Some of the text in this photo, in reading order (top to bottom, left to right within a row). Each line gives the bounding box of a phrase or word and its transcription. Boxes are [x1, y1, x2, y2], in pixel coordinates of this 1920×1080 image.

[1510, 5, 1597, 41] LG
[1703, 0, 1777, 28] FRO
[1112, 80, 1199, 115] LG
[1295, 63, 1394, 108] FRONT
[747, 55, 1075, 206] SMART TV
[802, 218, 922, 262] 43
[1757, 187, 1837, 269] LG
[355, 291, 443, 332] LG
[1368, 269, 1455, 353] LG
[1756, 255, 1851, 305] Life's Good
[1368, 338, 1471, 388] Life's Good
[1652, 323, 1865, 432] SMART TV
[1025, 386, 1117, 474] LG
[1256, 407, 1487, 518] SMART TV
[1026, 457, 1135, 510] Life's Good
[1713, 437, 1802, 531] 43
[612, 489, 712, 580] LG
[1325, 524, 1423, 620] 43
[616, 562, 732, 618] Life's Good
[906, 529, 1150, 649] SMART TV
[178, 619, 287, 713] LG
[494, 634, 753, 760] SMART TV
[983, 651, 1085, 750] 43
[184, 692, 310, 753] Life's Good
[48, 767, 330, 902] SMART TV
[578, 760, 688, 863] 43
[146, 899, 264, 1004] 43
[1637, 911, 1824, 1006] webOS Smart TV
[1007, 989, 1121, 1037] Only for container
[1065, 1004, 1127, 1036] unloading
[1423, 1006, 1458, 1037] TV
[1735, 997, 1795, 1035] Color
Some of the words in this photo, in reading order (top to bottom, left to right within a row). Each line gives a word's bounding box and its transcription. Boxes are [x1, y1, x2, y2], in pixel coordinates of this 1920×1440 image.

• • •

## What is required
Nothing should be left out: copy the material exactly.

## Answer area
Some of the text in this photo, in reading order (top to bottom, left to right within a row). Each line gives the bounding box of a phrase or word and its transcription. Boxes are [x1, y1, x2, y2], in pixel coordinates of this 1920×1080 image.

[1510, 5, 1597, 41] LG
[1703, 0, 1777, 28] FRO
[1112, 80, 1199, 115] LG
[1295, 63, 1394, 108] FRONT
[747, 55, 1075, 206] SMART TV
[802, 218, 922, 262] 43
[1757, 187, 1837, 269] LG
[355, 291, 443, 332] LG
[1368, 269, 1455, 353] LG
[1756, 255, 1851, 305] Life's Good
[1368, 338, 1471, 388] Life's Good
[1652, 323, 1865, 432] SMART TV
[1025, 386, 1117, 474] LG
[1256, 407, 1487, 518] SMART TV
[1026, 457, 1135, 510] Life's Good
[1713, 437, 1802, 531] 43
[612, 489, 712, 580] LG
[1325, 524, 1423, 620] 43
[616, 562, 732, 618] Life's Good
[906, 529, 1150, 649] SMART TV
[178, 619, 287, 713] LG
[494, 634, 753, 760] SMART TV
[983, 651, 1085, 750] 43
[184, 692, 310, 753] Life's Good
[48, 767, 330, 902] SMART TV
[578, 760, 688, 863] 43
[146, 899, 264, 1004] 43
[1637, 911, 1824, 1006] webOS Smart TV
[1007, 989, 1121, 1037] Only for container
[1065, 1004, 1127, 1036] unloading
[1423, 1006, 1458, 1037] TV
[1735, 997, 1795, 1035] Color
Some of the words in this photo, in reading order (top to bottom, left to right within a row). Each line gives a word's bounding box and its transcription. Boxes are [x1, y1, x2, y2], in pixel coordinates of this 1920×1440 image.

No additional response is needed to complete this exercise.